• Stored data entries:
Start of Block

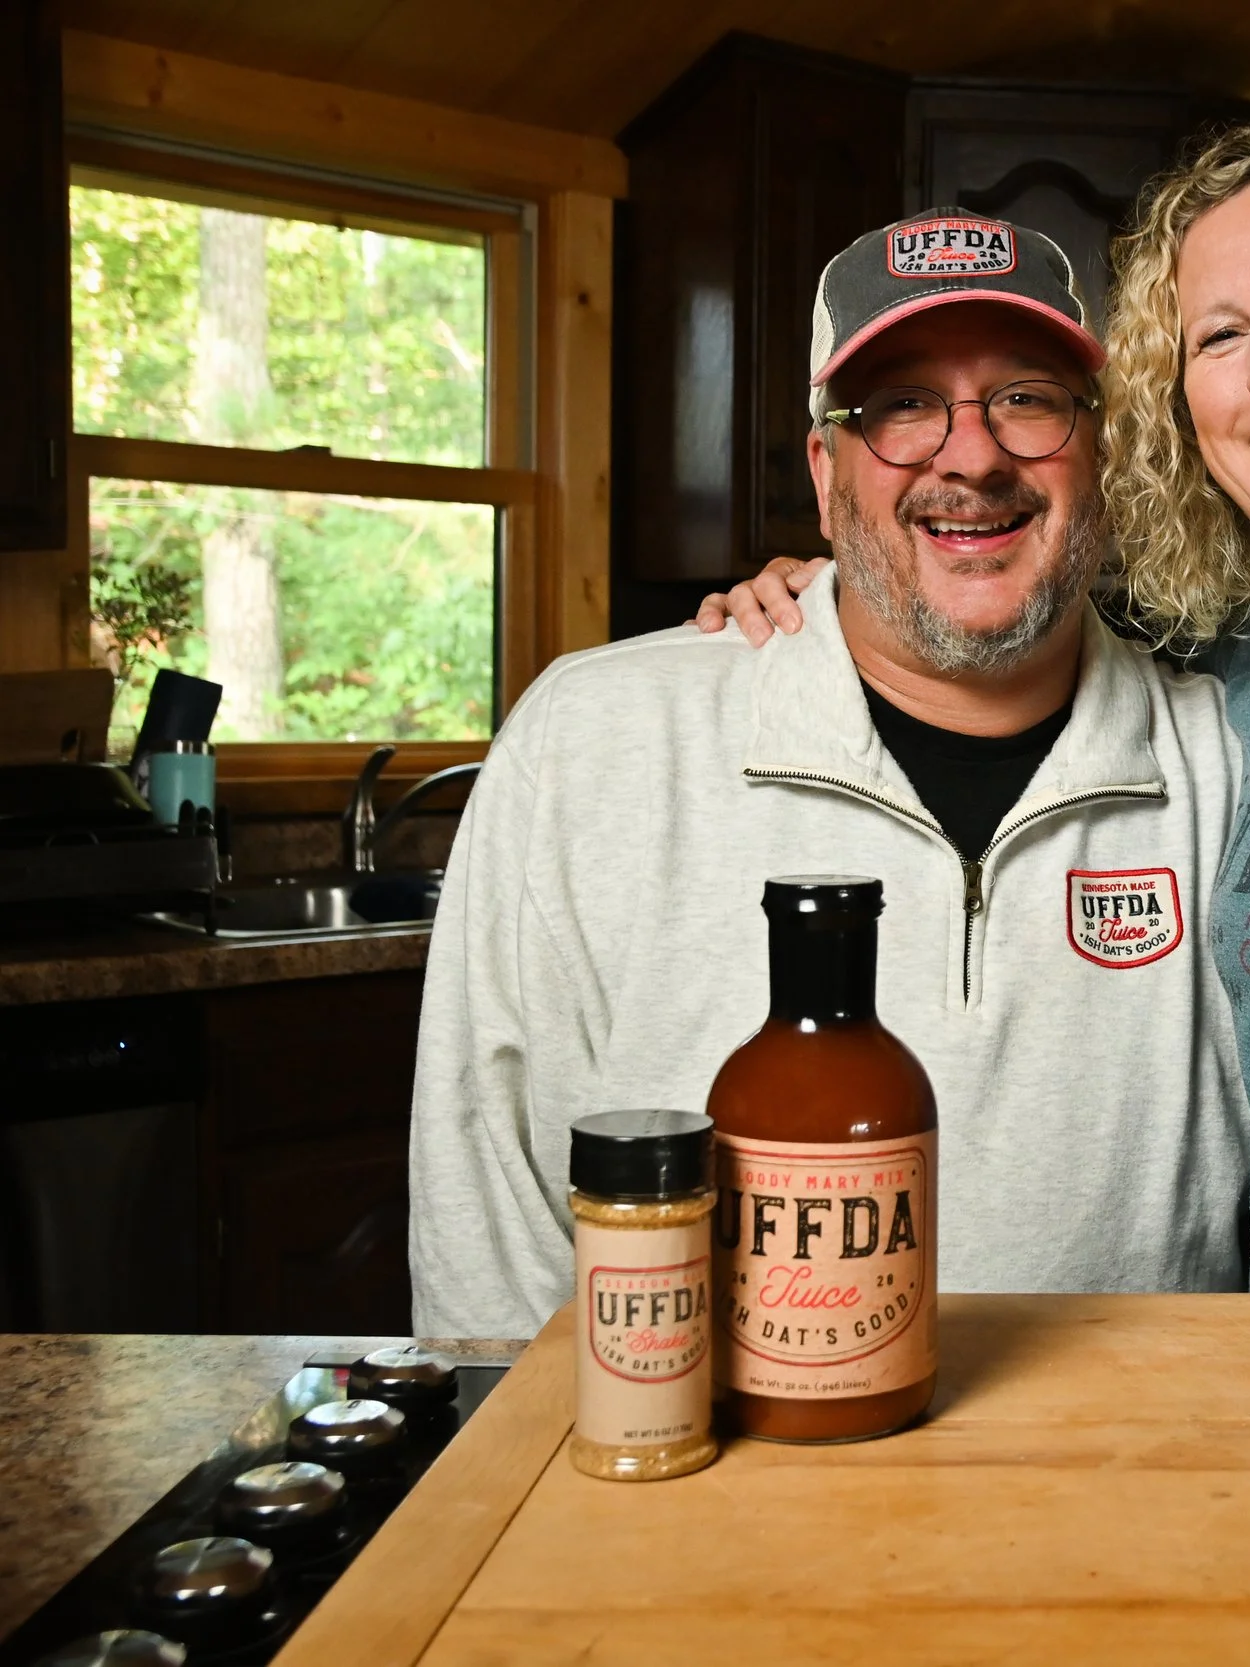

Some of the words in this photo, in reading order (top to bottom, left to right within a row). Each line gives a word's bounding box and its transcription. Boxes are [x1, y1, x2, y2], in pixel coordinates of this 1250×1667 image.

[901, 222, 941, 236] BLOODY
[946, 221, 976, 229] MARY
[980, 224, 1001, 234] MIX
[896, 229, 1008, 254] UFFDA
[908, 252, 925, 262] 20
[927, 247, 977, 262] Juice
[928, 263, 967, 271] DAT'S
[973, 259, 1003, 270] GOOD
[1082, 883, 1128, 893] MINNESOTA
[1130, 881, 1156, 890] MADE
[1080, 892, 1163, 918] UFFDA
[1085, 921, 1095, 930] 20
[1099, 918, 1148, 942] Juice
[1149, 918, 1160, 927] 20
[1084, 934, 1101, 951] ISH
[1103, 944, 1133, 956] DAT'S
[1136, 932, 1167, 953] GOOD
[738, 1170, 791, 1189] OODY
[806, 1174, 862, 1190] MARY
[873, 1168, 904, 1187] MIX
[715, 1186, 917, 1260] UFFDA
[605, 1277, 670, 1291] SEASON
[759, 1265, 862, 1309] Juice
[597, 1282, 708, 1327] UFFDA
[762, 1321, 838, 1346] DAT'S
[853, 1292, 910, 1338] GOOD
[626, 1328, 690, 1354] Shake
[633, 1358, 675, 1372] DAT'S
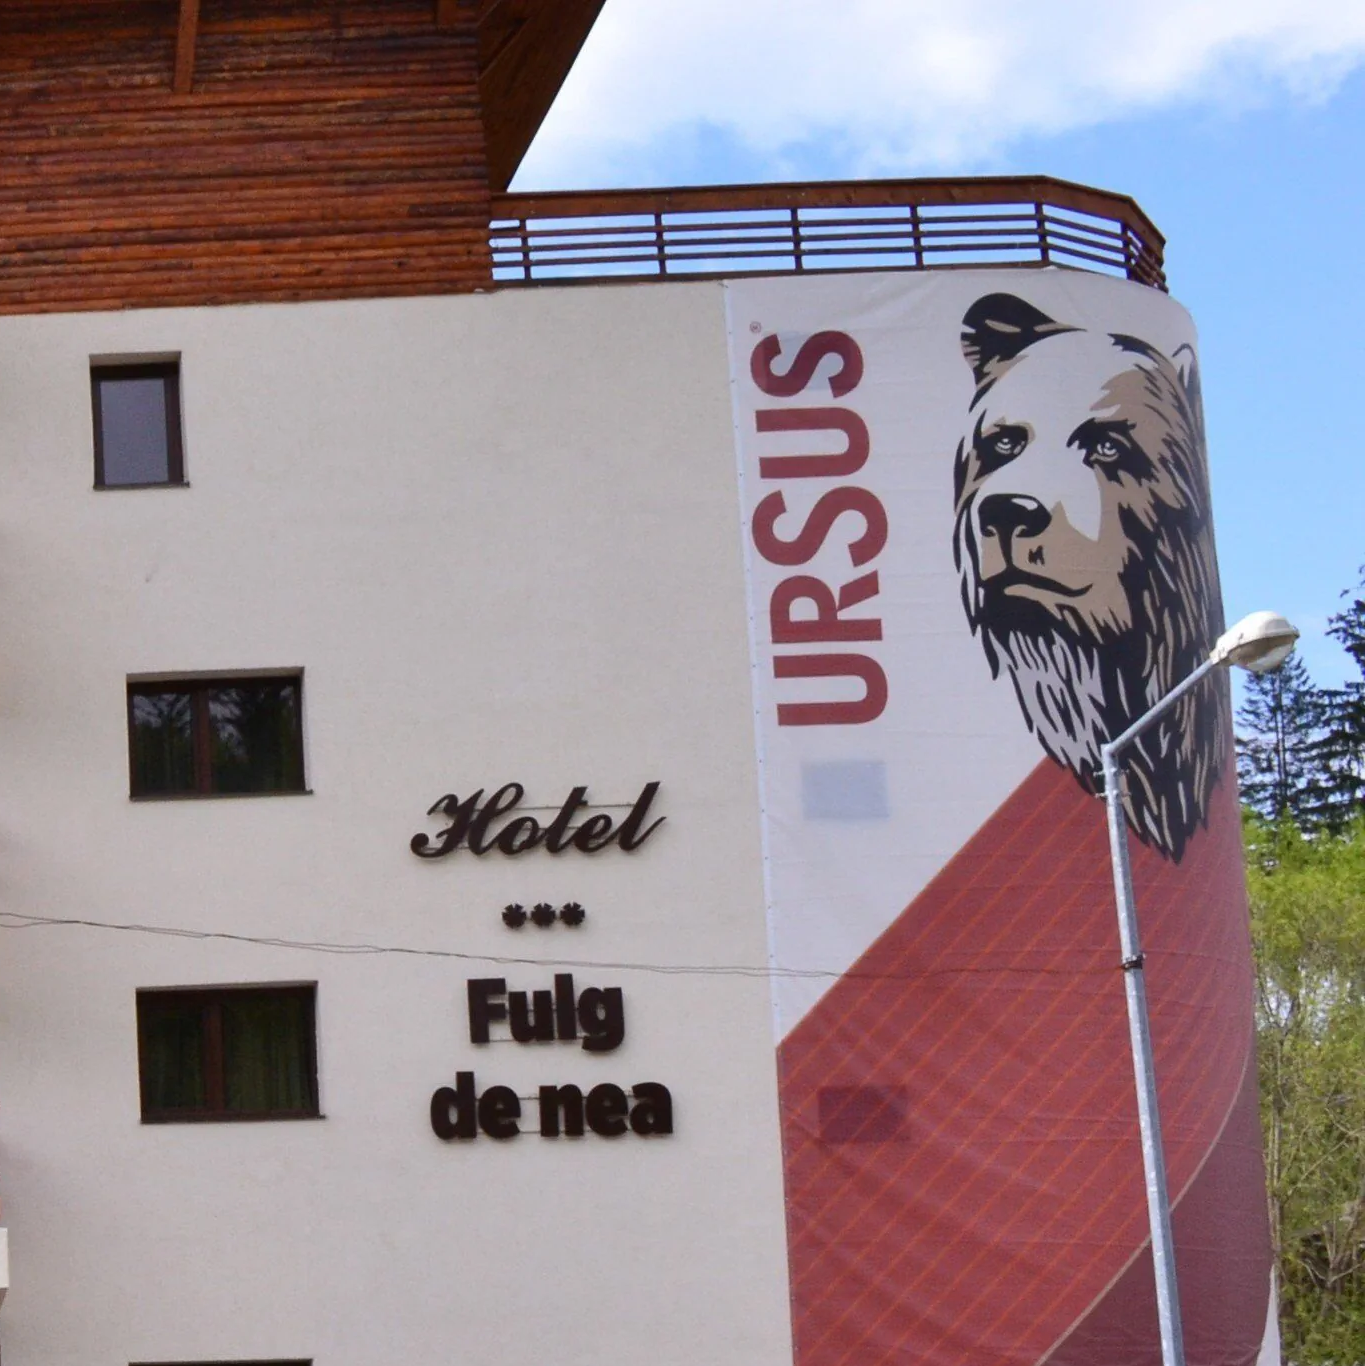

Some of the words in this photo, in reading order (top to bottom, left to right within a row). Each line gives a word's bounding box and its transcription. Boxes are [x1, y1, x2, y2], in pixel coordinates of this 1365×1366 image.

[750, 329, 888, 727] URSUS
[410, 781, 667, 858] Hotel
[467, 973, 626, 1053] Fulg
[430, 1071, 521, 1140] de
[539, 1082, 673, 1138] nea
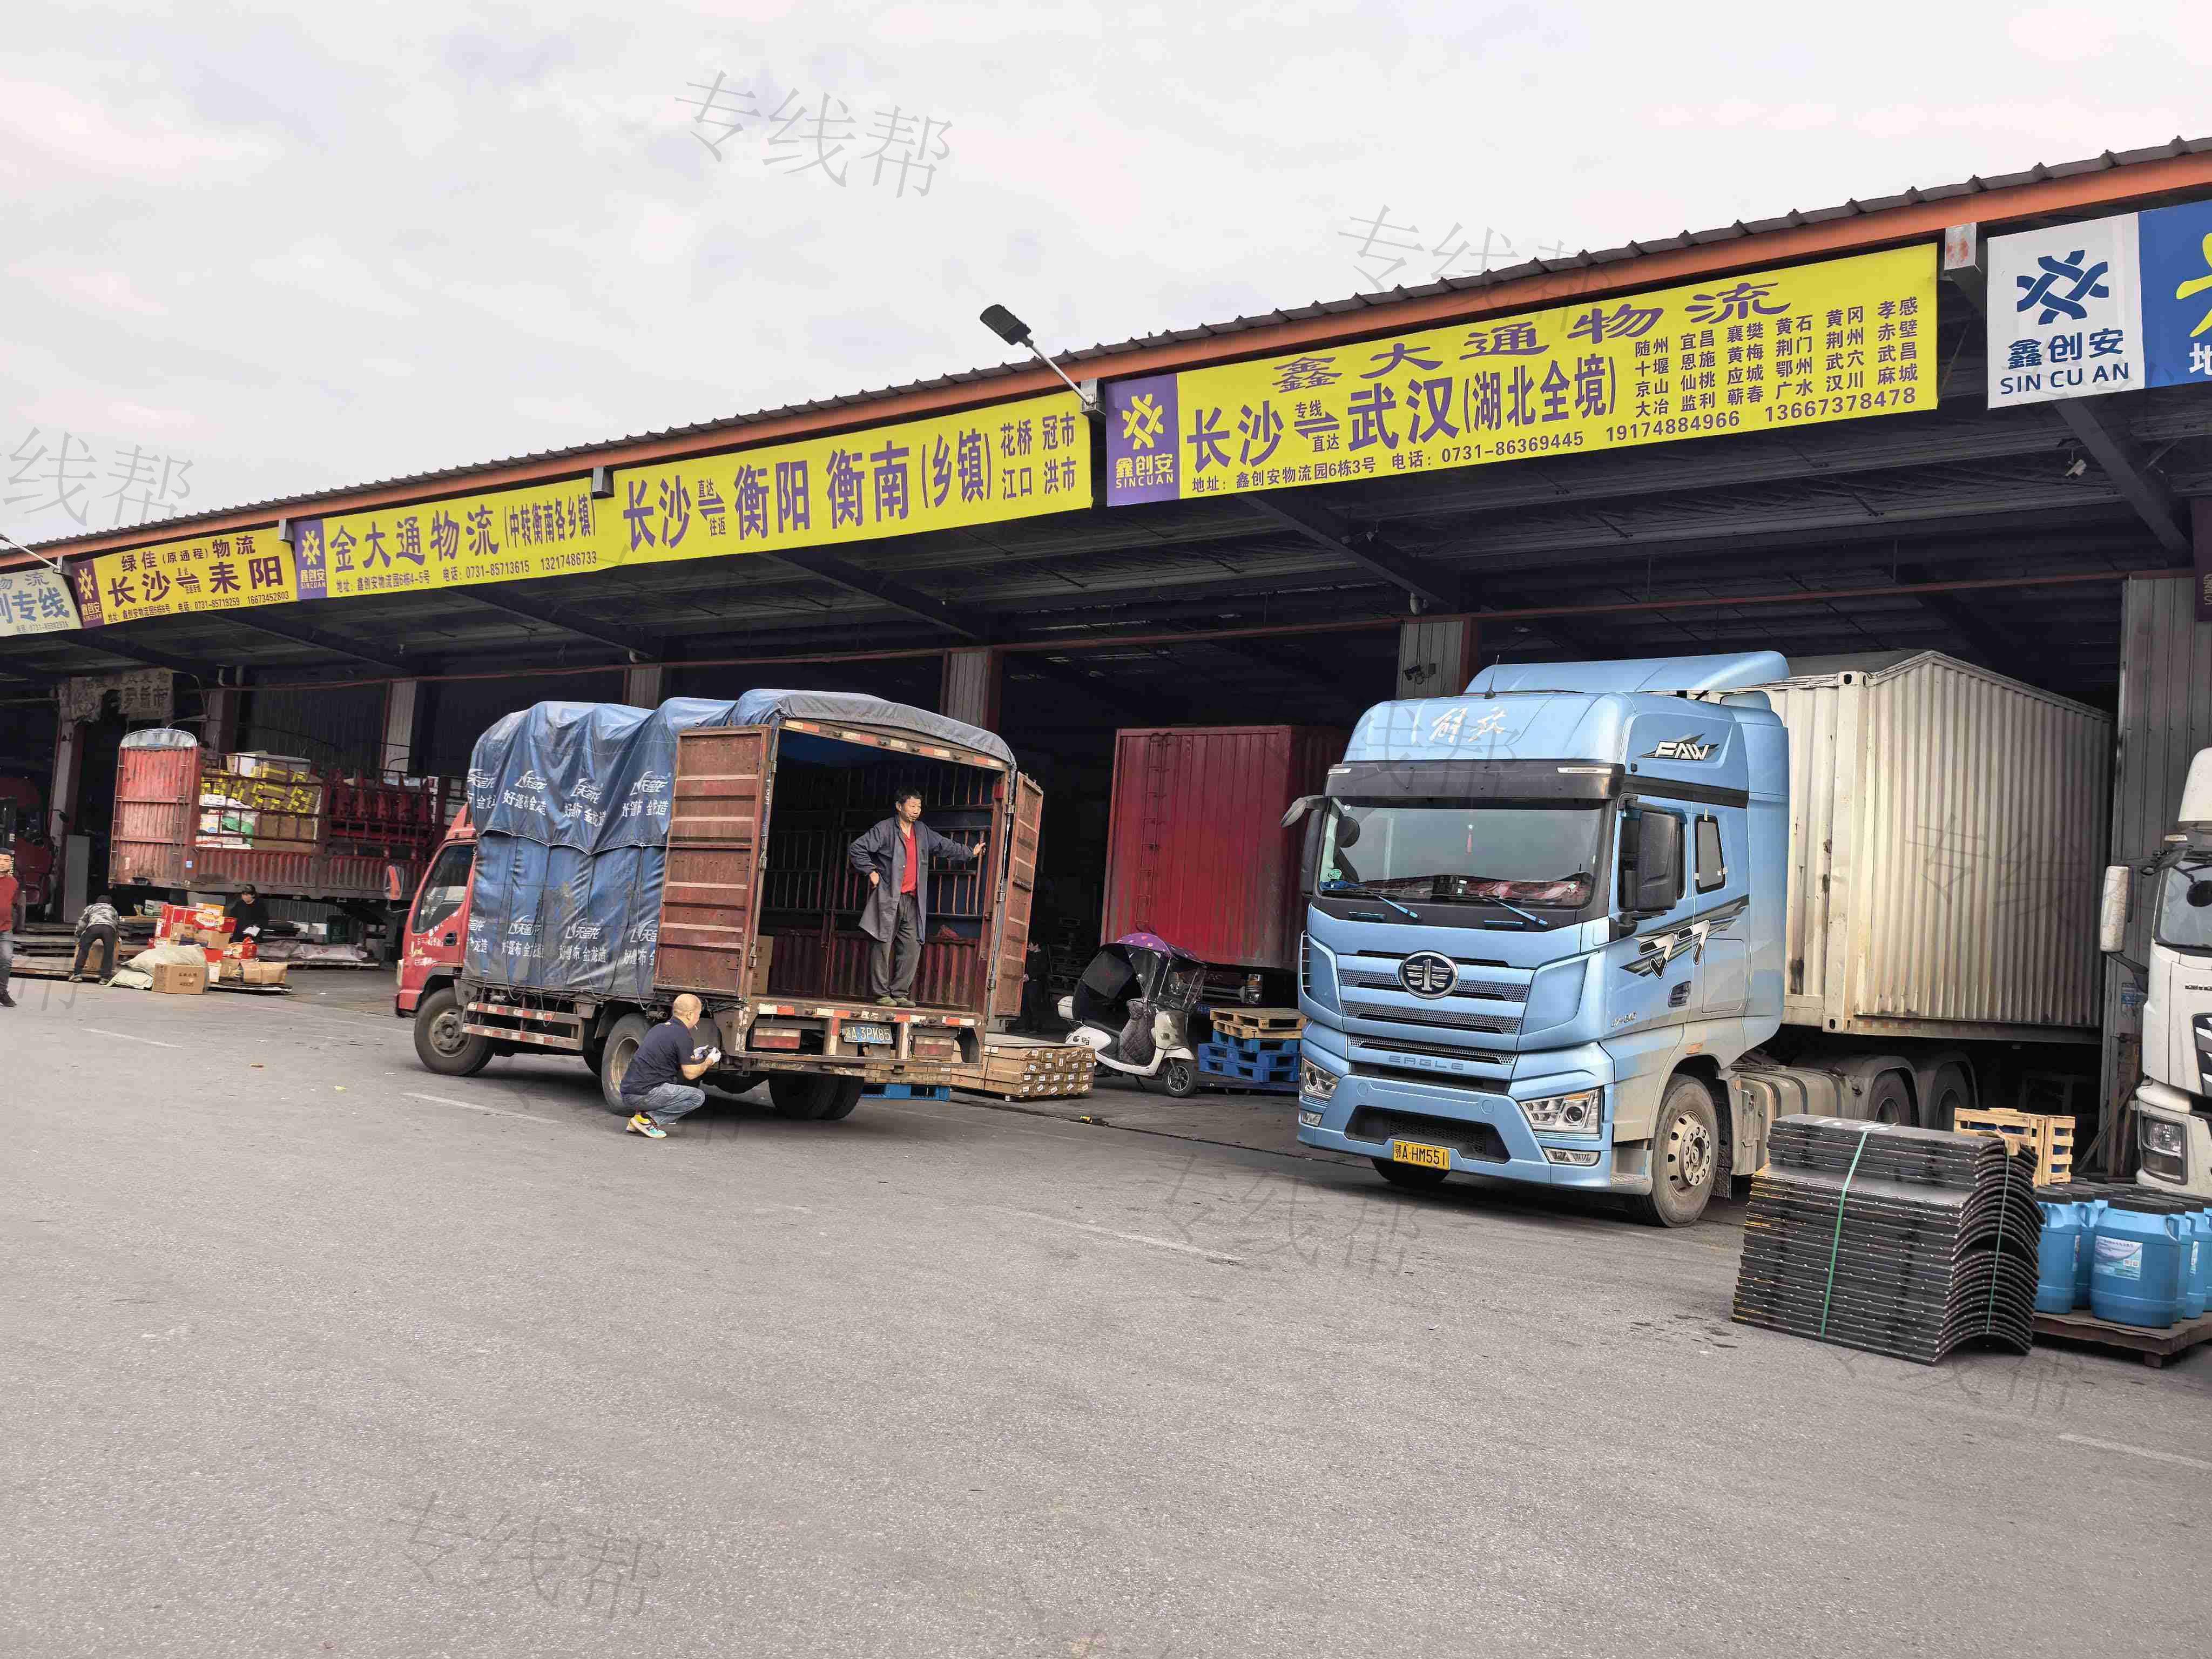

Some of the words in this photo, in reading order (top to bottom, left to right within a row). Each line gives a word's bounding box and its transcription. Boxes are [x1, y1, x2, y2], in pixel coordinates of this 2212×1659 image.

End of Block

• Task:
Every entry is to be transcribed exactly, but the pictures are to be left out.

• Response box:
Some of the words in this photo, in reading order (top to bottom, left to right within a row). Each line gives a word's bounding box and its transcription. Boxes are [x1, y1, x2, y2], in pixel coordinates of this 1250×1667 image.

[901, 222, 941, 236] BLOODY
[946, 221, 976, 229] MARY
[980, 224, 1001, 234] MIX
[896, 229, 1008, 254] UFFDA
[908, 252, 925, 262] 20
[927, 247, 977, 262] Juice
[928, 263, 967, 271] DAT'S
[973, 259, 1003, 270] GOOD
[1082, 883, 1128, 893] MINNESOTA
[1130, 881, 1156, 890] MADE
[1080, 892, 1163, 918] UFFDA
[1085, 921, 1095, 930] 20
[1099, 918, 1148, 942] Juice
[1149, 918, 1160, 927] 20
[1084, 934, 1101, 951] ISH
[1103, 944, 1133, 956] DAT'S
[1136, 932, 1167, 953] GOOD
[738, 1170, 791, 1189] OODY
[806, 1174, 862, 1190] MARY
[873, 1168, 904, 1187] MIX
[715, 1186, 917, 1260] UFFDA
[605, 1277, 670, 1291] SEASON
[759, 1265, 862, 1309] Juice
[597, 1282, 708, 1327] UFFDA
[762, 1321, 838, 1346] DAT'S
[853, 1292, 910, 1338] GOOD
[626, 1328, 690, 1354] Shake
[633, 1358, 675, 1372] DAT'S

Some of the words in this photo, in reading order (top to bottom, left to right within a row). Each line gives a word's bounding box and its transcription. Boxes are [x1, y1, x2, y2], in pixel coordinates of this 1365×1366 image.

[750, 329, 888, 727] URSUS
[410, 781, 667, 858] Hotel
[467, 973, 626, 1053] Fulg
[430, 1071, 521, 1140] de
[539, 1082, 673, 1138] nea

Some of the words in this photo, in reading order (top to bottom, left to right within a row). Each line gives a word's bounding box and its transcription. Boxes are [x1, y1, x2, y2], in pixel coordinates of this 2212×1659 image.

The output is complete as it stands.